[Records excerpted from a collection]:

__________

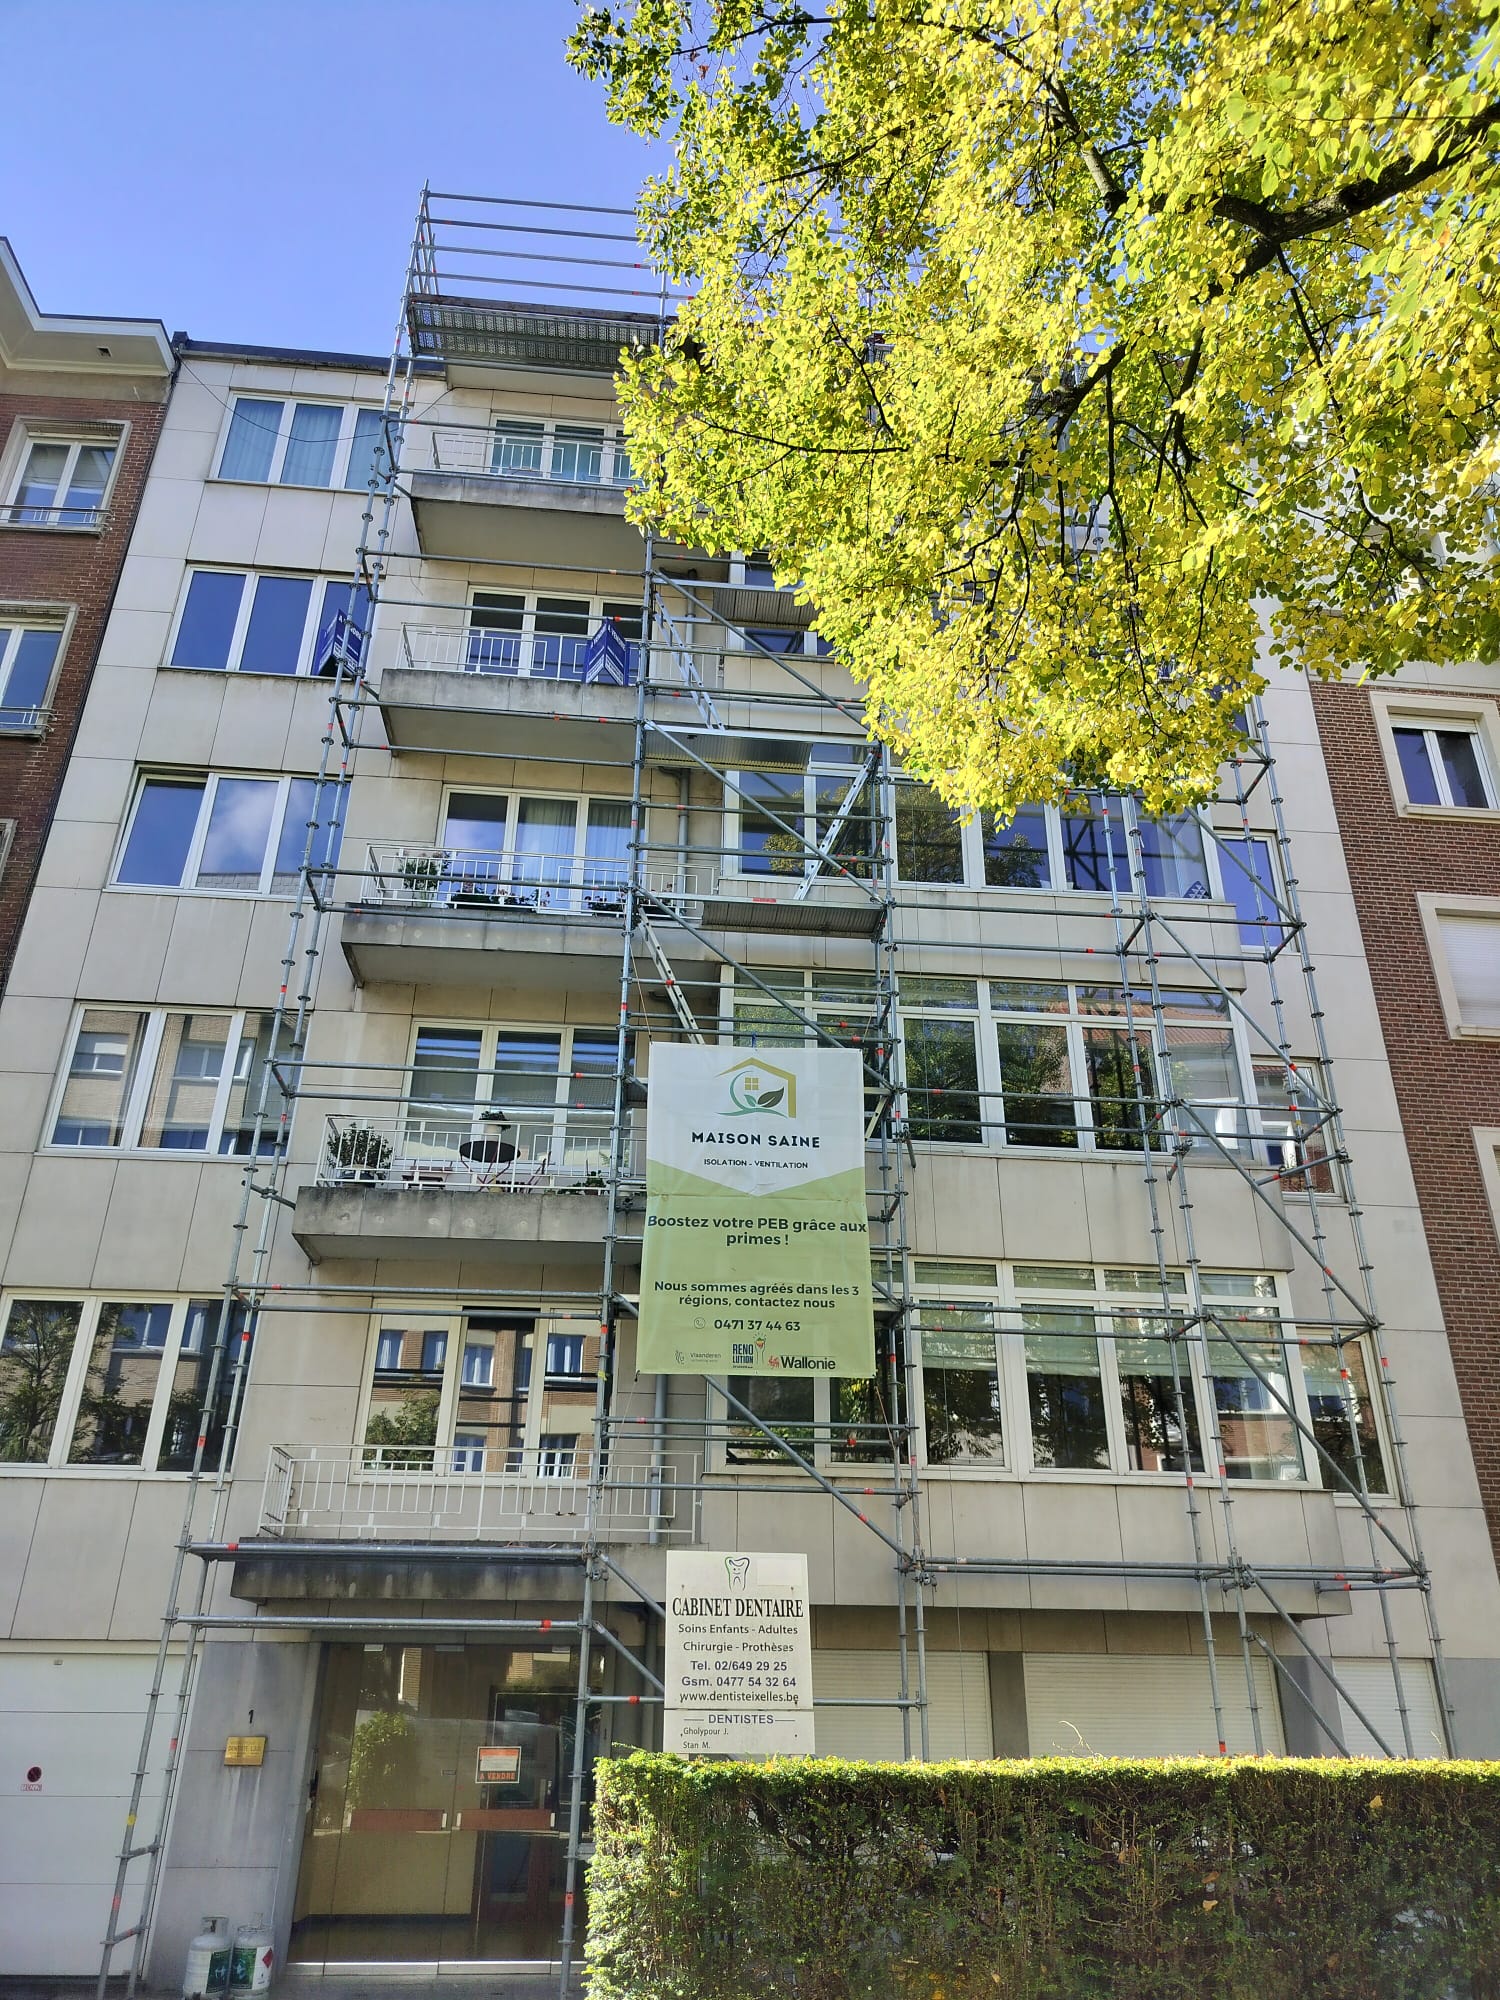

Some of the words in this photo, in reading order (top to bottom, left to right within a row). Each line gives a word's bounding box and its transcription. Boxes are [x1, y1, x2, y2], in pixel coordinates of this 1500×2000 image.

[692, 1131, 761, 1145] MAISON
[768, 1135, 820, 1148] SAINE
[704, 1158, 747, 1166] ISOLATION
[754, 1160, 808, 1169] VENTILATION
[647, 1215, 709, 1227] Boostez
[713, 1217, 754, 1229] votre
[757, 1218, 788, 1230] PEB
[793, 1219, 836, 1233] grâce
[840, 1221, 867, 1233] aux
[726, 1231, 781, 1247] primes
[654, 1281, 688, 1291] Nous
[690, 1283, 747, 1293] sommes
[749, 1282, 793, 1297] agréés
[796, 1284, 829, 1295] dans
[831, 1284, 850, 1295] les
[852, 1286, 860, 1296] 3
[679, 1294, 732, 1307] régions,
[734, 1298, 800, 1308] contactez
[803, 1300, 835, 1309] nous
[714, 1319, 744, 1330] 0471
[747, 1320, 762, 1331] 37
[766, 1321, 782, 1331] 44
[785, 1321, 801, 1332] 63
[732, 1344, 754, 1355] RENO
[732, 1355, 754, 1364] LUTION
[781, 1356, 836, 1370] Wallonie
[672, 1597, 732, 1617] CABINET
[735, 1598, 804, 1618] DENTAIRE
[678, 1624, 707, 1634] Soins
[709, 1624, 749, 1634] Enfants
[758, 1625, 798, 1635] Adultes
[683, 1641, 733, 1653] Chirurgie
[742, 1642, 794, 1652] Prothèses
[690, 1660, 711, 1671] Tel.
[714, 1660, 753, 1671] 02/649
[756, 1661, 770, 1671] 29
[774, 1661, 788, 1671] 25
[681, 1676, 713, 1687] Gsm.
[716, 1676, 745, 1687] 0477
[748, 1677, 762, 1687] 54
[765, 1677, 779, 1687] 32
[782, 1677, 796, 1687] 64
[679, 1690, 799, 1703] www.dentisteixelles.be
[248, 1709, 255, 1724] 1
[708, 1714, 774, 1724] DENTISTES
[683, 1727, 721, 1737] Gholypour
[683, 1741, 699, 1749] Stan
[702, 1741, 711, 1749] M.
[479, 1772, 485, 1780] A
[487, 1772, 516, 1780] VENDRE
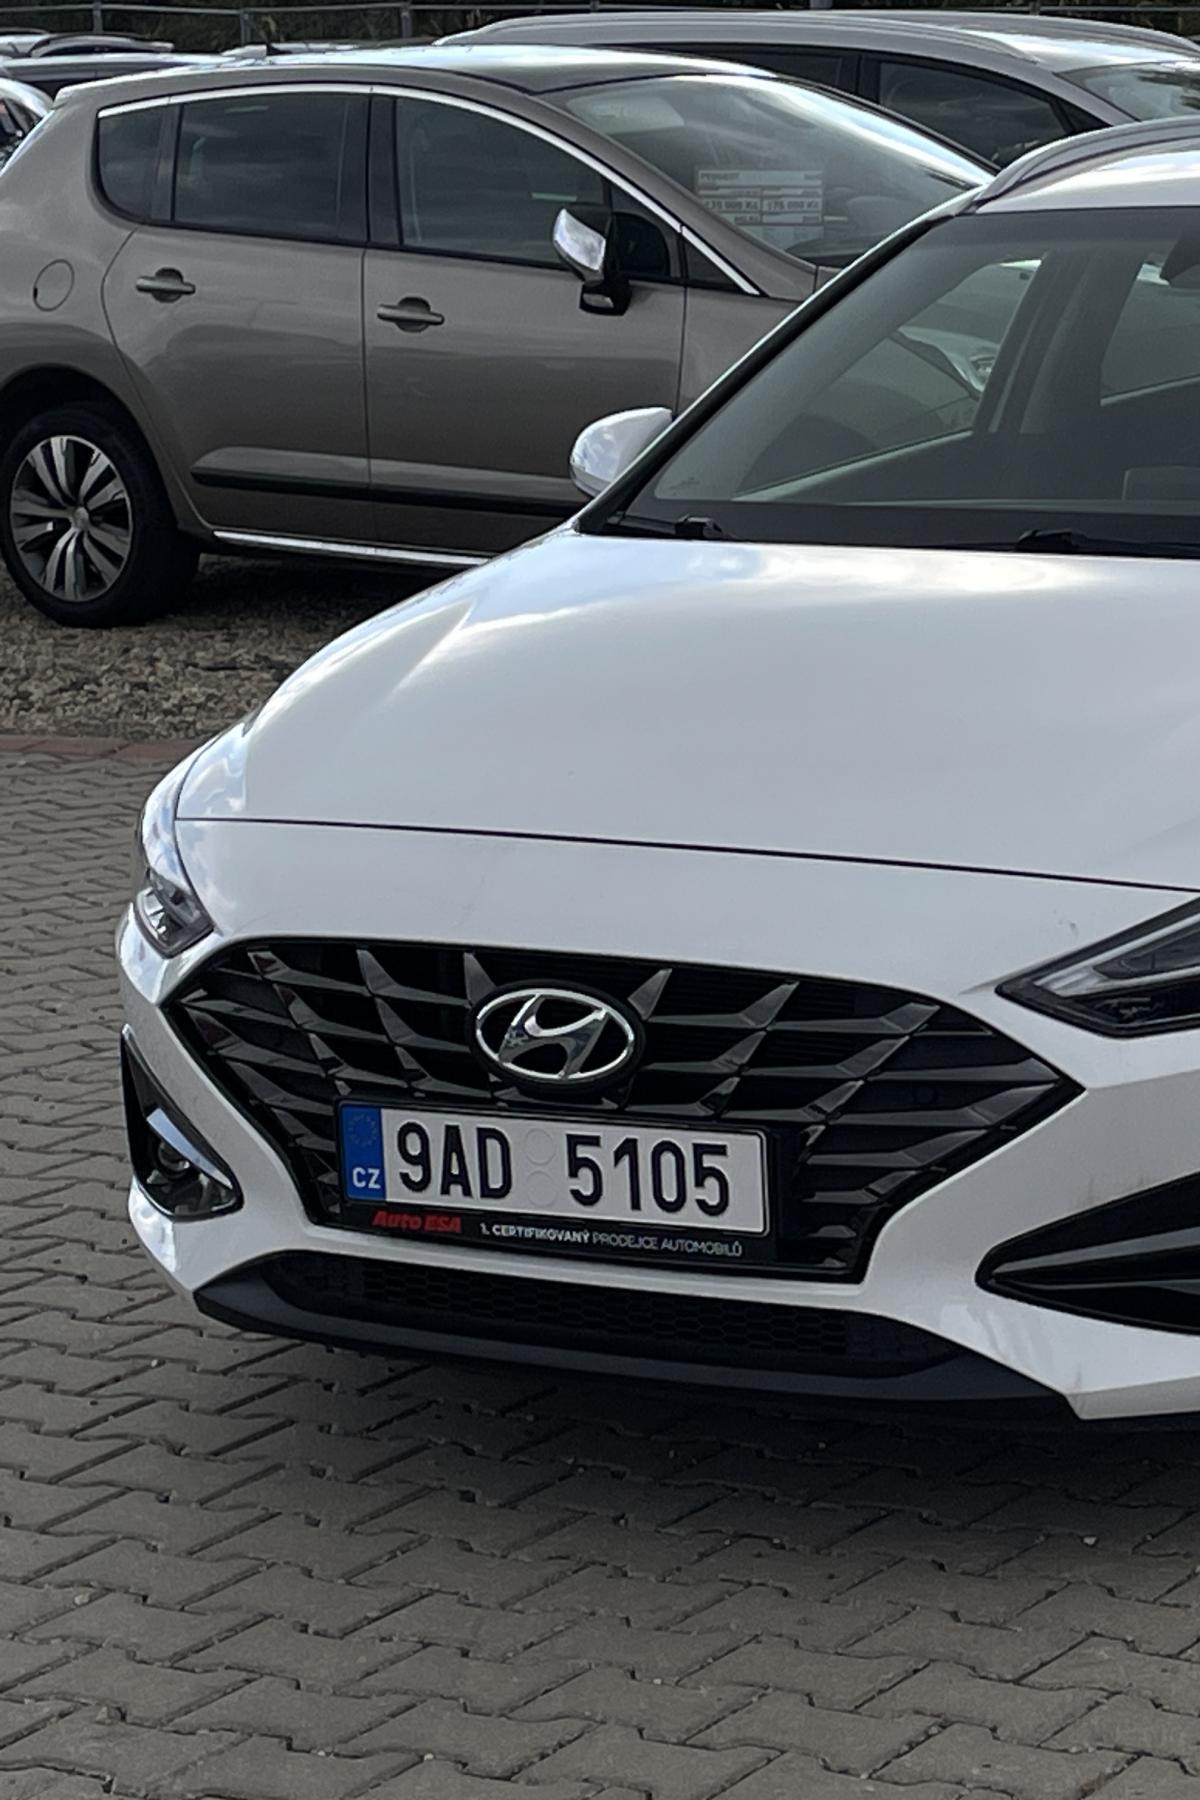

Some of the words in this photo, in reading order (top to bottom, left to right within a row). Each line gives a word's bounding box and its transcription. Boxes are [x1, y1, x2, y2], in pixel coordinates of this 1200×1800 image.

[352, 1167, 381, 1190] CZ
[397, 1121, 512, 1200] 9AD
[566, 1133, 730, 1217] 5105
[372, 1210, 422, 1231] Auto
[424, 1214, 462, 1233] ESA
[492, 1225, 591, 1244] CERTIFIKOVANÝ
[592, 1232, 659, 1250] PRODEJCE
[660, 1237, 743, 1257] AUTOMOBILŮ

__________

[PROBLEM REQUIREMENTS]:
Take every entry and repeat it verbatim, minus the pictures.

[ANSWER TO THIS TASK]:
Some of the words in this photo, in reading order (top to bottom, left to right within a row). Each line gives a word's bounding box and its transcription. Boxes are [x1, y1, x2, y2], in pixel coordinates of this 1500×2000 image.

[692, 1131, 761, 1145] MAISON
[768, 1135, 820, 1148] SAINE
[704, 1158, 747, 1166] ISOLATION
[754, 1160, 808, 1169] VENTILATION
[647, 1215, 709, 1227] Boostez
[713, 1217, 754, 1229] votre
[757, 1218, 788, 1230] PEB
[793, 1219, 836, 1233] grâce
[840, 1221, 867, 1233] aux
[726, 1231, 781, 1247] primes
[654, 1281, 688, 1291] Nous
[690, 1283, 747, 1293] sommes
[749, 1282, 793, 1297] agréés
[796, 1284, 829, 1295] dans
[831, 1284, 850, 1295] les
[852, 1286, 860, 1296] 3
[679, 1294, 732, 1307] régions,
[734, 1298, 800, 1308] contactez
[803, 1300, 835, 1309] nous
[714, 1319, 744, 1330] 0471
[747, 1320, 762, 1331] 37
[766, 1321, 782, 1331] 44
[785, 1321, 801, 1332] 63
[732, 1344, 754, 1355] RENO
[732, 1355, 754, 1364] LUTION
[781, 1356, 836, 1370] Wallonie
[672, 1597, 732, 1617] CABINET
[735, 1598, 804, 1618] DENTAIRE
[678, 1624, 707, 1634] Soins
[709, 1624, 749, 1634] Enfants
[758, 1625, 798, 1635] Adultes
[683, 1641, 733, 1653] Chirurgie
[742, 1642, 794, 1652] Prothèses
[690, 1660, 711, 1671] Tel.
[714, 1660, 753, 1671] 02/649
[756, 1661, 770, 1671] 29
[774, 1661, 788, 1671] 25
[681, 1676, 713, 1687] Gsm.
[716, 1676, 745, 1687] 0477
[748, 1677, 762, 1687] 54
[765, 1677, 779, 1687] 32
[782, 1677, 796, 1687] 64
[679, 1690, 799, 1703] www.dentisteixelles.be
[248, 1709, 255, 1724] 1
[708, 1714, 774, 1724] DENTISTES
[683, 1727, 721, 1737] Gholypour
[683, 1741, 699, 1749] Stan
[702, 1741, 711, 1749] M.
[479, 1772, 485, 1780] A
[487, 1772, 516, 1780] VENDRE

Some of the words in this photo, in reading order (top to bottom, left to right within a row). Each line gives a word's bounding box and its transcription. Boxes are [x1, y1, x2, y2], in pixel coordinates of this 1200×1800 image.

[352, 1167, 381, 1190] CZ
[397, 1121, 512, 1200] 9AD
[566, 1133, 730, 1217] 5105
[372, 1210, 422, 1231] Auto
[424, 1214, 462, 1233] ESA
[492, 1225, 591, 1244] CERTIFIKOVANÝ
[592, 1232, 659, 1250] PRODEJCE
[660, 1237, 743, 1257] AUTOMOBILŮ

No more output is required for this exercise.